Alaska offering royalty-free lease terms to try to simulate new Cook Inlet natural gas development

(Cook Inlet waves roll onto the beach at Kenai on Aug. 14, 2018. The Alaska Division of Oil and Gas is offering unusal royalty-free lease terms to try to generate interest in new natural gas development in the inlet. Photo by Yereth Rosen/Alaska Beacon)

(Yereth Rosen/Alaska Beacon) – To try to entice investment in new natural gas development in Southcentral Alaska’s Cook Inlet basin, state officials are trying something new: a waiver of royalties in the upcoming annual lease sale.

The Alaska Division of Oil and Gas last week announced five upcoming lease sales that include the unusual terms in the Cook Inlet area.

The impetus is the concern that the state’s most populous region may soon be running low of the natural gas that is its main source of power for heat and electricity, a division official said.

“We’re kind of in a bind in terms of having a gas shortage, potentially, in the next few years,” said Sean Clifton, a policy and program specialist with the division. “We’re trying to be innovative and try new things within the bounds of the laws we already have on the books.”

Instead of requiring new leaseholders to pay royalties once production starts, the state is offering a net profit-sharing arrangement aimed at reducing companies’ economic risks. And instead of expecting bidders to compete for exploration rights, the division is setting a fixed price of $40 an acre for the 3.3 million acres that are being offered in the sale.

While royalties on oil and gas produced from state territory generally hover between 12.5% and 16.67%, state law gives the commissioner of the Department of Natural Resources the authority to vary those terms if doing so is deemed in the state’s best interest. The commissioner also has the authority to set up profit-sharing arrangements for oil and gas leases. The Division of Oil and Gas is part of the Department of Natural Resources.

Various options of lowered or sliding-scale royalties, profit-sharing systems or combinations of the two have been occasionally used in past lease sales, Clifton said. But total elimination of royalties is a tool that has not been used before, as far as the division’s records show, he said.

Recent lease sales for territory in the Cook Inlet basin, whether conducted by the state or by the federal government, have failed to win many bids. Clifton said it has long been difficult to attract investment to the basin, where oil production peaked in 1970 and where natural gas production now serves an entirely in-region market.

“It’s just always been a struggle, even back in the heyday,” he said. The industry built a lot of platforms in the 1960s, “and then there wasn’t a whole lot of activity after that.”

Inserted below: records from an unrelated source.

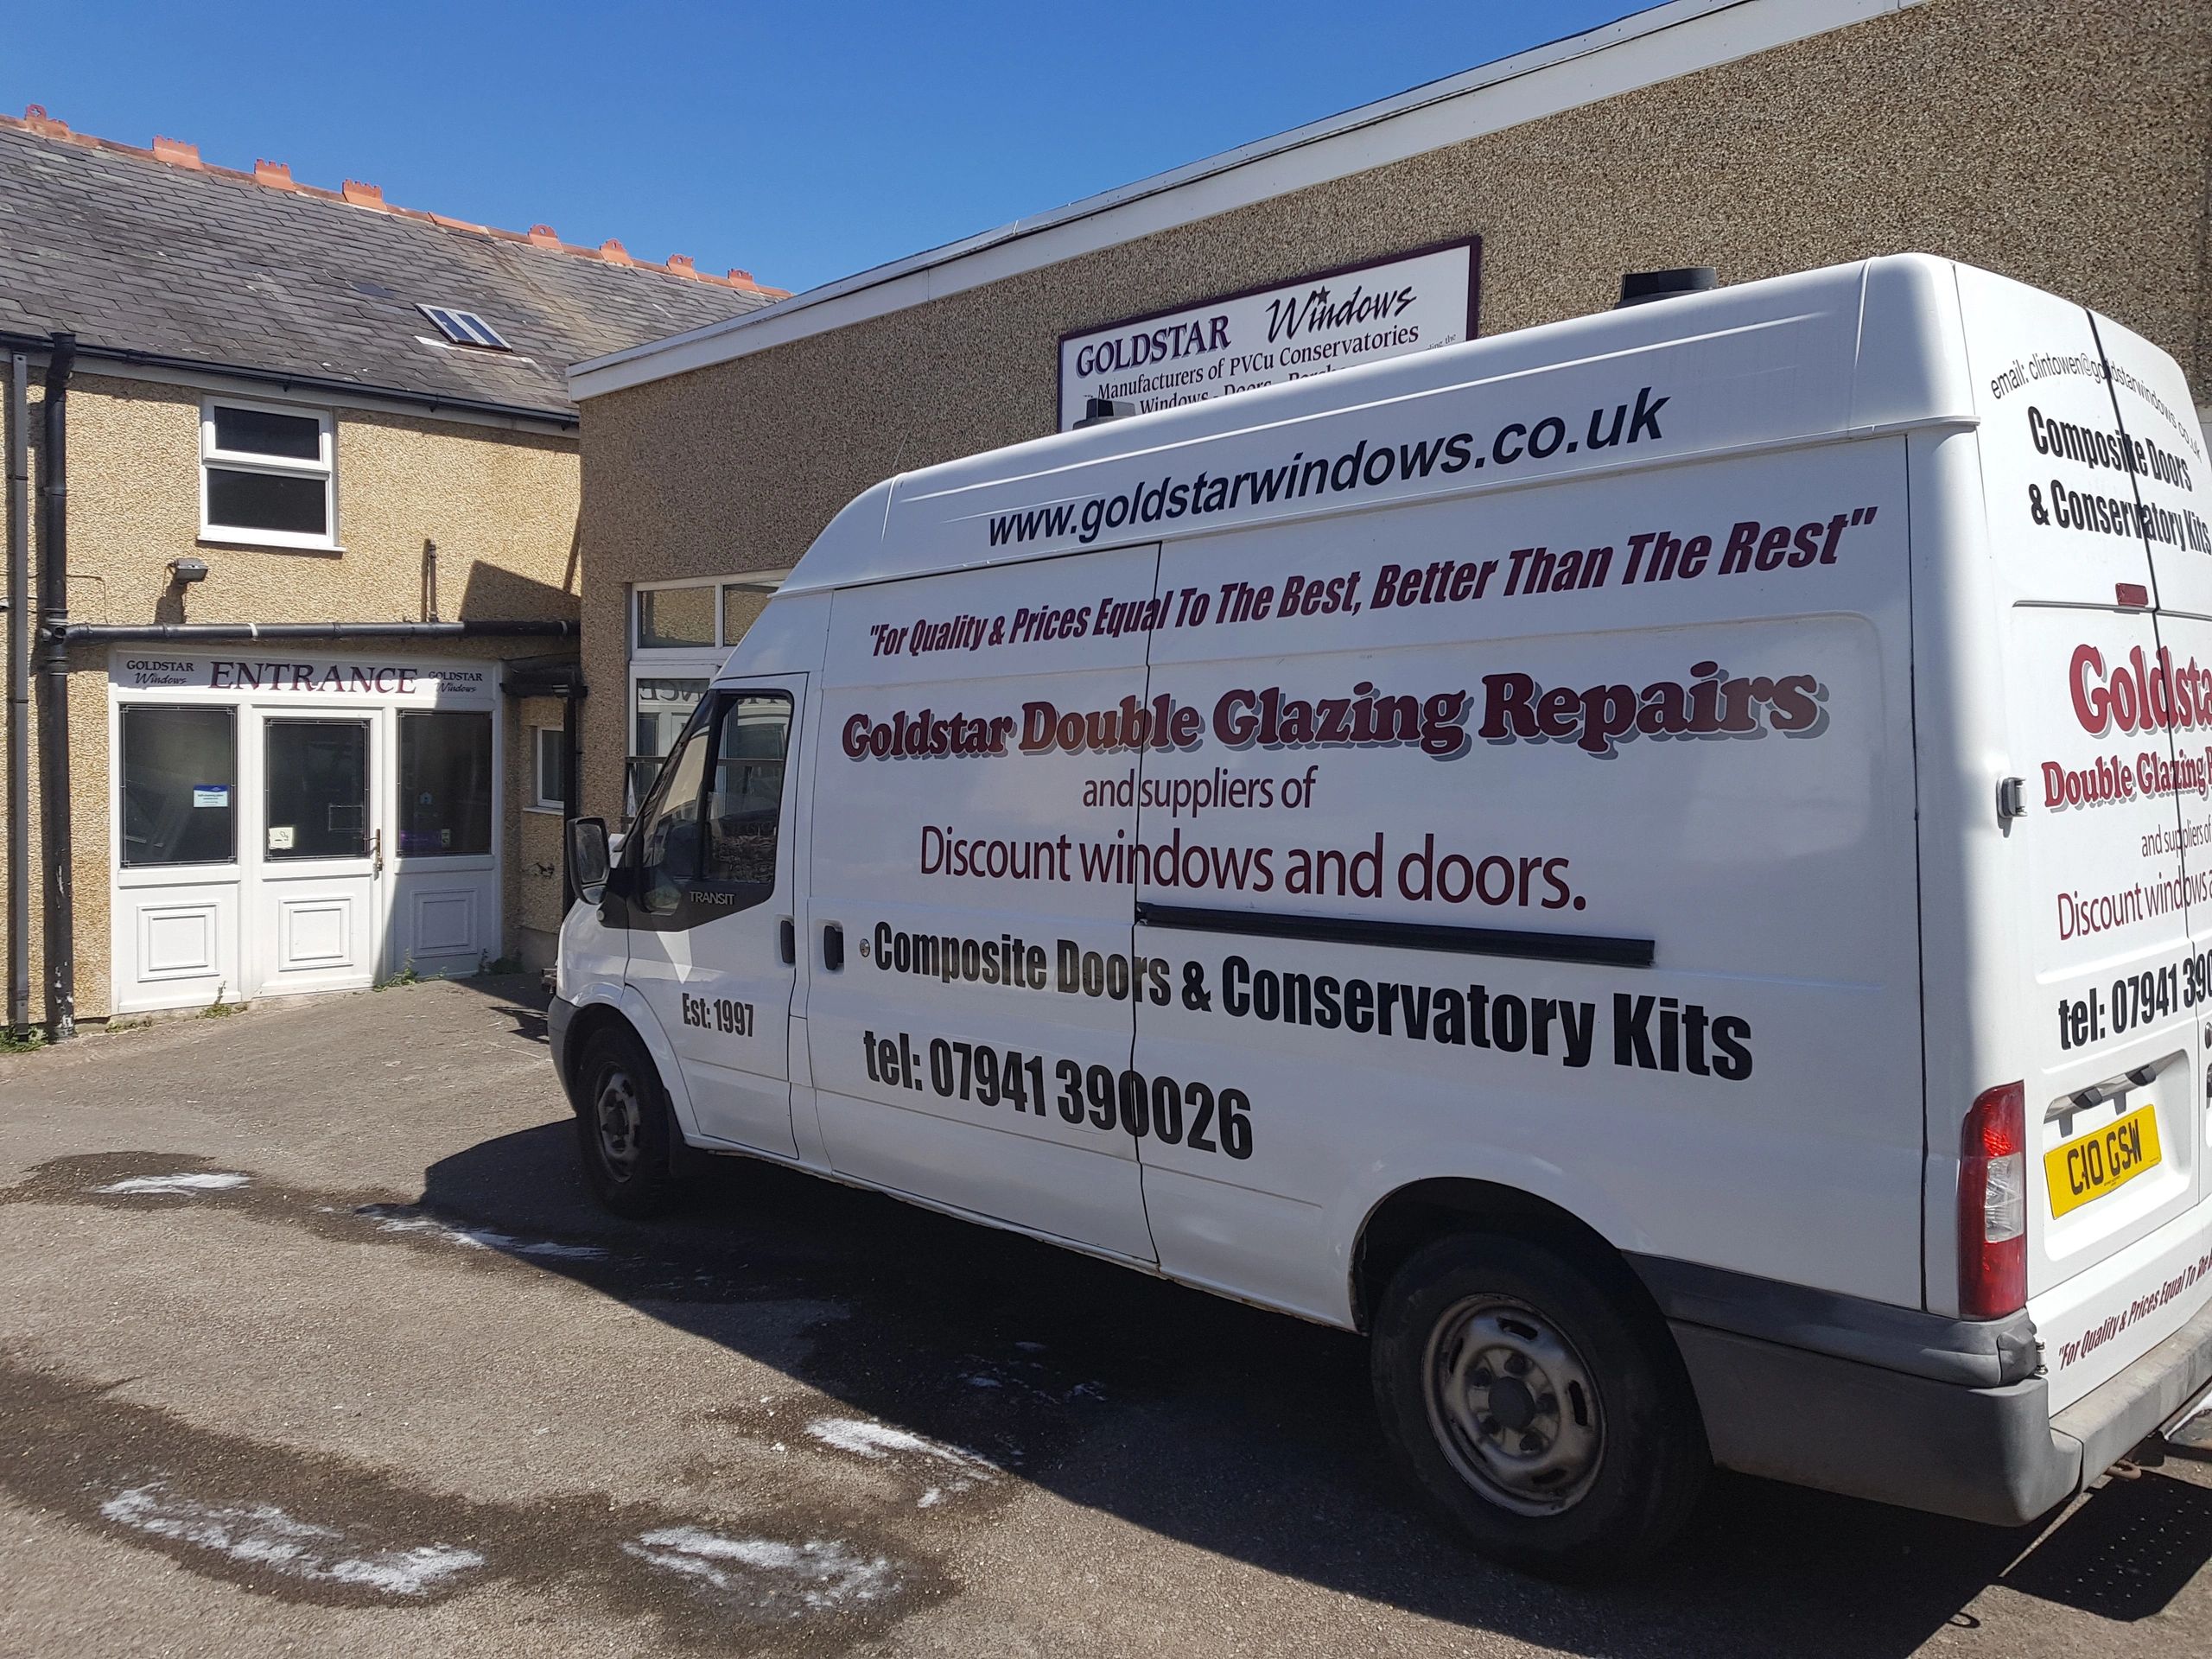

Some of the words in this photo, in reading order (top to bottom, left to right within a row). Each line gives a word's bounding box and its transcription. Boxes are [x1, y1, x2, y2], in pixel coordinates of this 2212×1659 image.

[1076, 315, 1232, 378] GOLDSTAR
[1265, 285, 1418, 344] Windows
[1098, 368, 1204, 399] Manufacturers
[1208, 358, 1226, 380] of
[1230, 353, 1274, 377] PVCu
[1280, 326, 1419, 366] Conservatories
[1140, 391, 1209, 415] Windows
[1990, 359, 2030, 400] email:
[988, 386, 1671, 547] www.goldstarwindows.co.uk
[2027, 405, 2149, 477] Composite
[2145, 437, 2193, 493] Doors
[2028, 483, 2050, 526] &
[2050, 479, 2186, 552] Conservatory
[2183, 508, 2212, 556] Kits
[869, 624, 906, 657] "For
[909, 613, 987, 657] Quality
[988, 615, 1006, 645] &
[1008, 604, 1090, 645] Prices
[1092, 590, 1173, 640] Equal
[1175, 588, 1210, 628] To
[1215, 581, 1274, 623] The
[1276, 569, 1363, 619] Best,
[1370, 558, 1498, 609] Better
[1503, 546, 1614, 597] Than
[1621, 531, 1713, 585] The
[1717, 506, 1878, 575] Rest"
[126, 660, 194, 672] GOLDSTAR
[134, 672, 187, 685] Windows
[208, 660, 418, 694] ENTRANCE
[428, 671, 483, 682] GOLDSTAR
[842, 707, 1016, 760] Goldstar
[1018, 692, 1202, 760] Double
[1212, 681, 1472, 761] Glazing
[1478, 660, 1829, 760] Repairs
[1082, 768, 1135, 808] and
[1140, 766, 1274, 818] suppliers
[1281, 765, 1319, 809] of
[2041, 754, 2135, 810] Double
[2136, 748, 2207, 799] Glazing
[920, 824, 1071, 882] Discount
[1079, 827, 1274, 893] windows
[1284, 831, 1384, 899] and
[1397, 832, 1587, 911] doors.
[2141, 823, 2163, 858] and
[2164, 818, 2204, 858] suppliers
[2203, 813, 2212, 844] of
[690, 891, 734, 906] TRANSIT
[2057, 881, 2144, 941] Discount
[2145, 865, 2208, 918] windows
[682, 992, 711, 1029] Est:
[714, 998, 753, 1037] 1997
[874, 921, 1047, 991] Composite
[1056, 938, 1172, 1007] Doors
[1182, 960, 1211, 1012] &
[1222, 955, 1596, 1068] Conservatory
[1612, 992, 1753, 1081] Kits
[2058, 988, 2106, 1051] tel:
[2112, 963, 2178, 1034] 07941
[863, 1030, 923, 1091] tel:
[930, 1038, 1046, 1117] 07941
[1055, 1059, 1253, 1160] 390026
[2067, 1139, 2104, 1196] C10
[2107, 1118, 2142, 1177] GSW
[2058, 1339, 2082, 1371] "For
[2080, 1314, 2120, 1359] Quality
[2119, 1310, 2127, 1333] &
[2127, 1289, 2160, 1327] Prices
[2158, 1268, 2187, 1305] Equal
[2185, 1264, 2196, 1290] To

The Cook Inlet lease sale is scheduled at the same time as the state’s other annual areawide oil and gas lease sales – for state territory on the central North Slope, territory in the Brooks Range foothills, an offshore area in the Beaufort Sea and territory on the Alaska Peninsula in the southwestern part of the state.

Bids on all the sales will be accepted through Dec. 7, with results to be made public on Dec.. 13, the division said in its notice.

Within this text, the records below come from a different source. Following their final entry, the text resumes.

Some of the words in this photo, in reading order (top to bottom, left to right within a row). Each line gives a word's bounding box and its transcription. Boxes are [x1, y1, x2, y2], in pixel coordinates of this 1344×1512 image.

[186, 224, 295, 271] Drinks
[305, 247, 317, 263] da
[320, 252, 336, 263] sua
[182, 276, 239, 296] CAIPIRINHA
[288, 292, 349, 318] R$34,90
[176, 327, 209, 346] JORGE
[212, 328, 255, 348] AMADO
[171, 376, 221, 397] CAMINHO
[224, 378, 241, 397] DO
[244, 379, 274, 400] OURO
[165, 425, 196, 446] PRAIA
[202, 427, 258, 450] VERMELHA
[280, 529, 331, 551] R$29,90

The annual North Slope areawide sale generally draws the most industry attention, as it is the area where existing Alaska oil development is concentrated. This year’s North Slope sale is offering about 5 million acres in 3,121 tracts.

At the other extreme is the annual Alaska Peninsula areawide sale. While the first Alaska Peninsula sale drew 37 bids when it was held in 2005, there has been almost no industry interest shown since then. No bids have been offered in any of the Alaska Peninsula sales since 2014. This year’s Alaska Peninsula sale is offering about 5 million acres of land in 1,004 tracts.